[[ INPUT RECORDS, beginning ]]
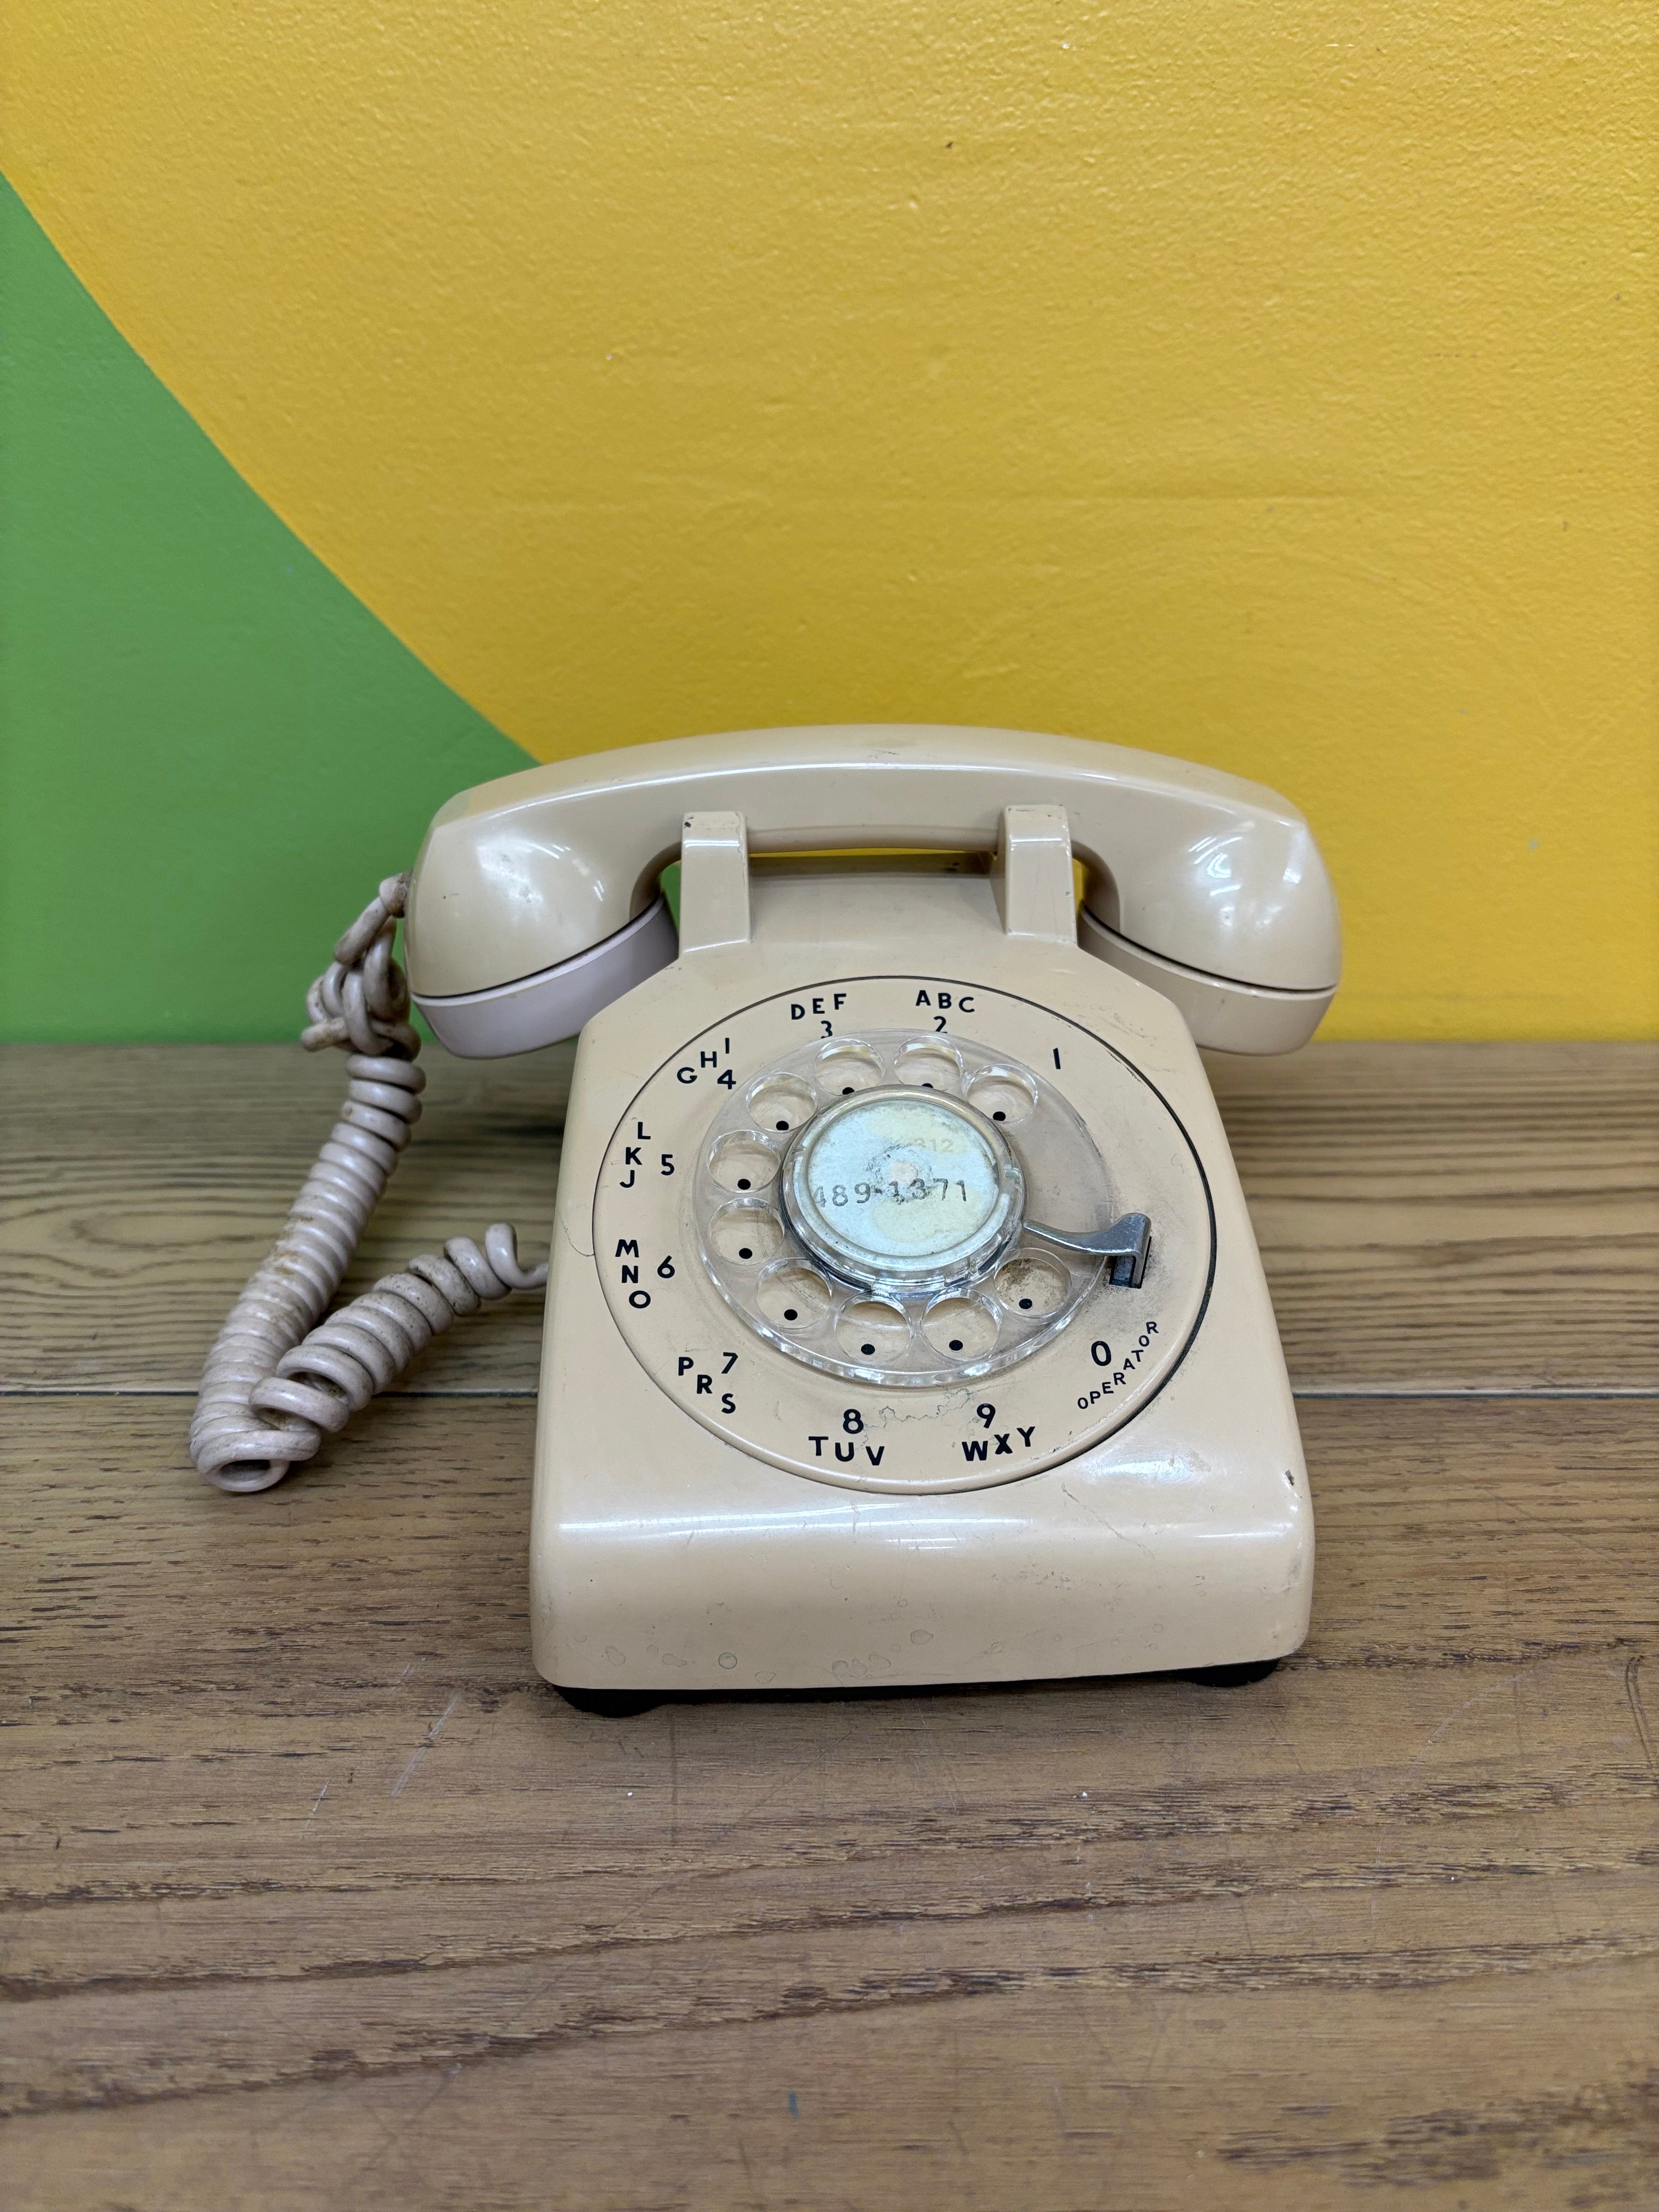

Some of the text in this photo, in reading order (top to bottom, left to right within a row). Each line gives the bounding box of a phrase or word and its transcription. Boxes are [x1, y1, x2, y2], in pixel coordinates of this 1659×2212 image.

[791, 993, 847, 1020] DEF
[916, 990, 975, 1013] ABC
[820, 1020, 833, 1039] 3
[933, 1016, 947, 1034] 2
[676, 1037, 730, 1084] GHI
[717, 1069, 737, 1090] 4
[661, 1154, 675, 1176] 5
[615, 1239, 651, 1309] MNO
[657, 1255, 675, 1279] 6
[721, 1352, 738, 1374] 7
[1077, 1321, 1159, 1409] OPERATOR
[678, 1356, 736, 1414] PRS
[842, 1408, 864, 1435] 8
[977, 1403, 996, 1429] 9
[808, 1436, 885, 1466] TUV
[961, 1426, 1036, 1462] WXY
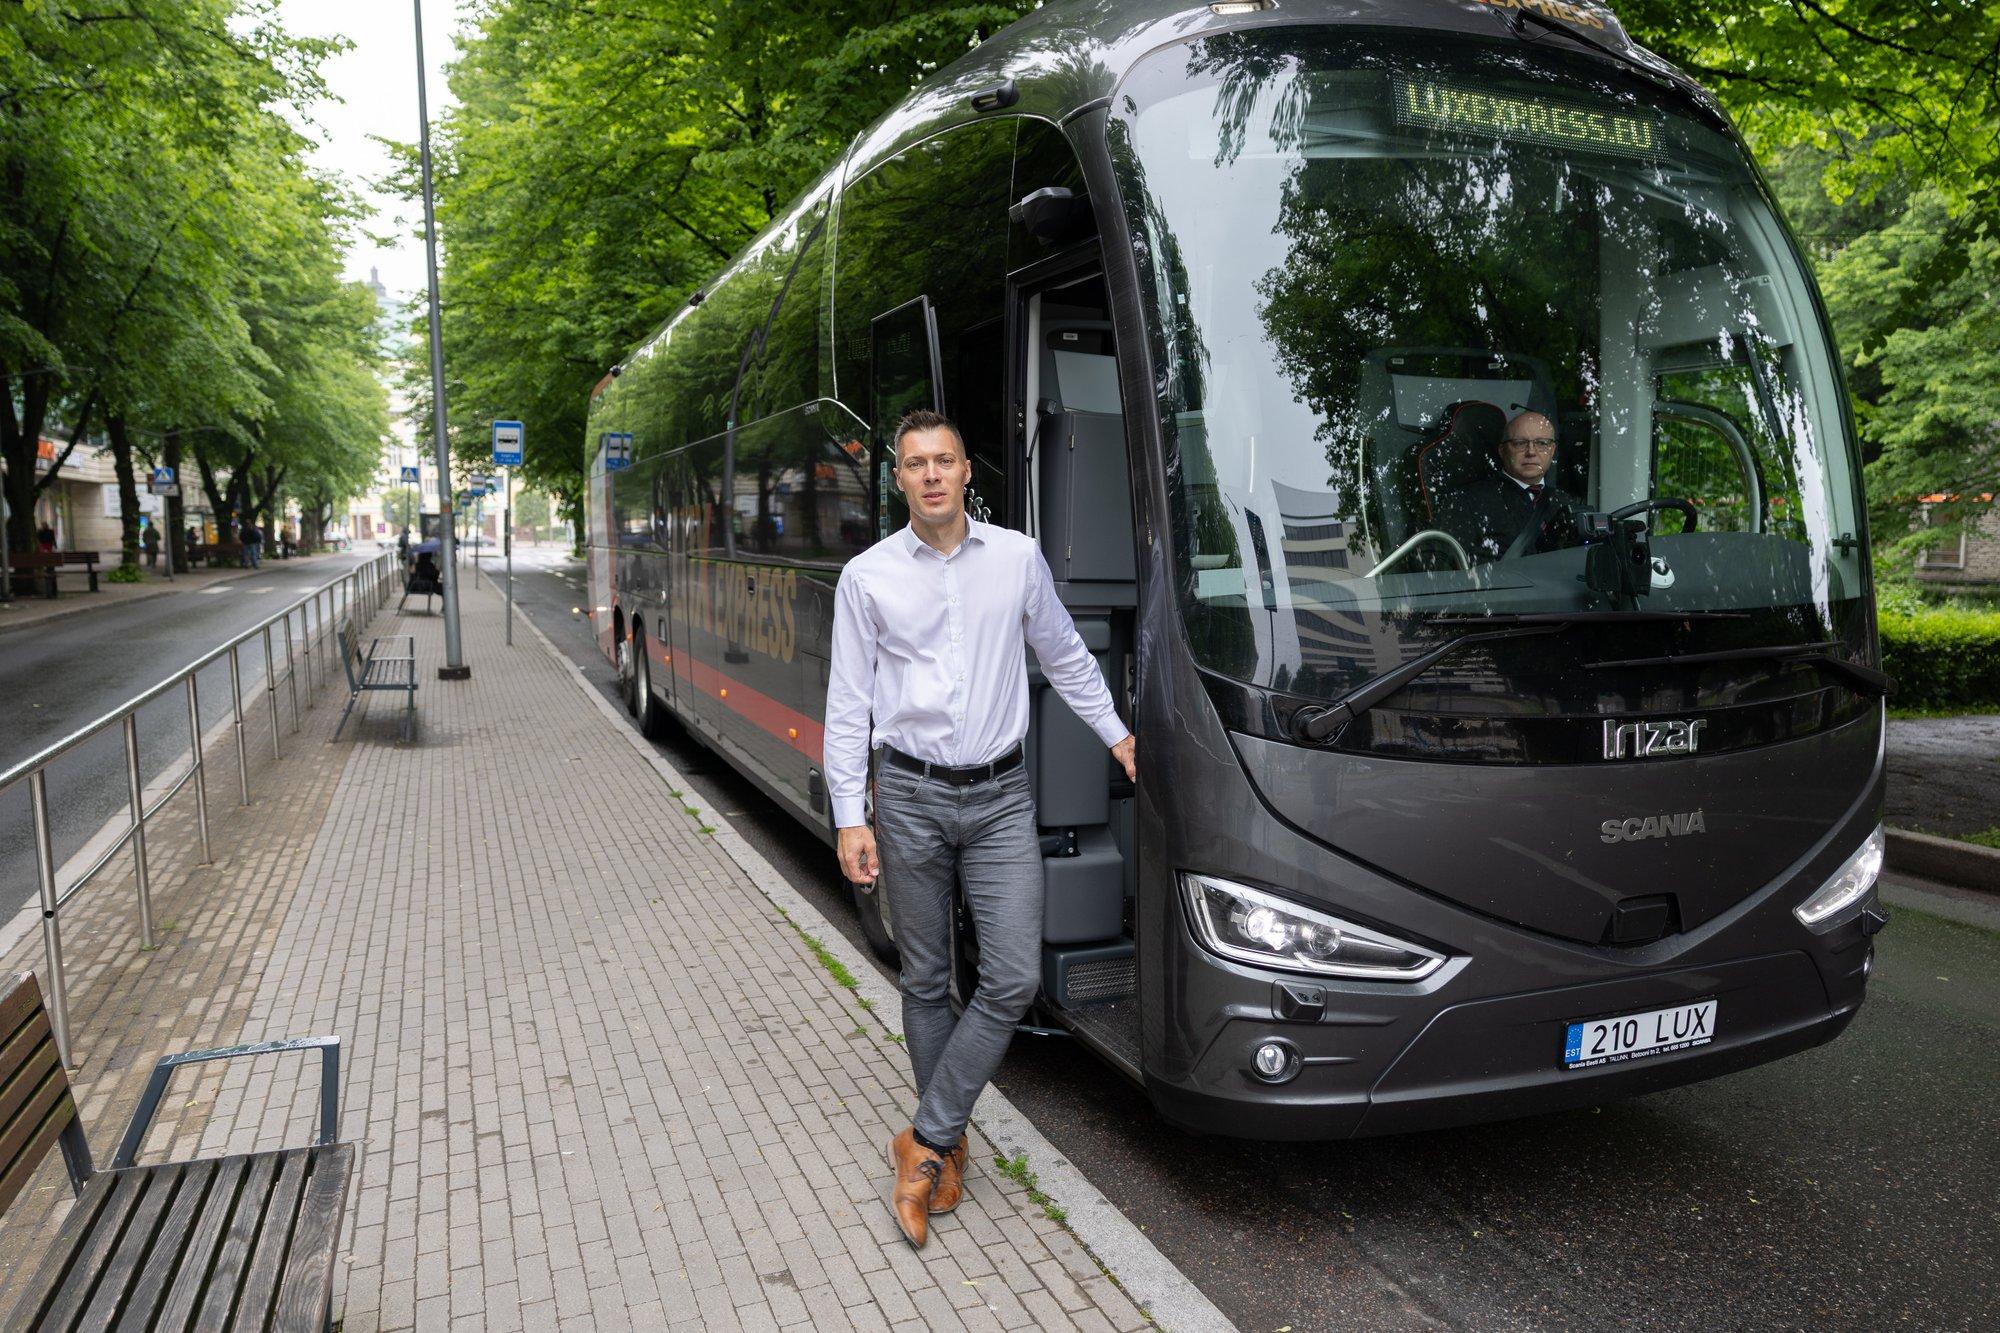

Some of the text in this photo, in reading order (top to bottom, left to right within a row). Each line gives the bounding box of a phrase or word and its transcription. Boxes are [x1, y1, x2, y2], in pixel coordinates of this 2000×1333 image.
[[ INPUT RECORDS, end ]]
(WORK REQUEST)
You are asked to output the records precisely as they appear, minus any pictures.

(COMPLETED TASK)
Some of the text in this photo, in reading order (top to bottom, left to right within a row). Each line gives the bounding box of a phrase or word and its transcription. Boxes are [x1, y1, x2, y2], in pixel coordinates of this 1659×2212 image.

[791, 993, 847, 1020] DEF
[916, 990, 975, 1013] ABC
[820, 1020, 833, 1039] 3
[933, 1016, 947, 1034] 2
[676, 1037, 730, 1084] GHI
[717, 1069, 737, 1090] 4
[661, 1154, 675, 1176] 5
[615, 1239, 651, 1309] MNO
[657, 1255, 675, 1279] 6
[721, 1352, 738, 1374] 7
[1077, 1321, 1159, 1409] OPERATOR
[678, 1356, 736, 1414] PRS
[842, 1408, 864, 1435] 8
[977, 1403, 996, 1429] 9
[808, 1436, 885, 1466] TUV
[961, 1426, 1036, 1462] WXY

Some of the text in this photo, in reading order (top to bottom, left to right within a row). Each line gives the bounding box of a phrase or word and its transcription. Boxes are [x1, y1, x2, y2], in pixel coordinates of this 2000×1333 image.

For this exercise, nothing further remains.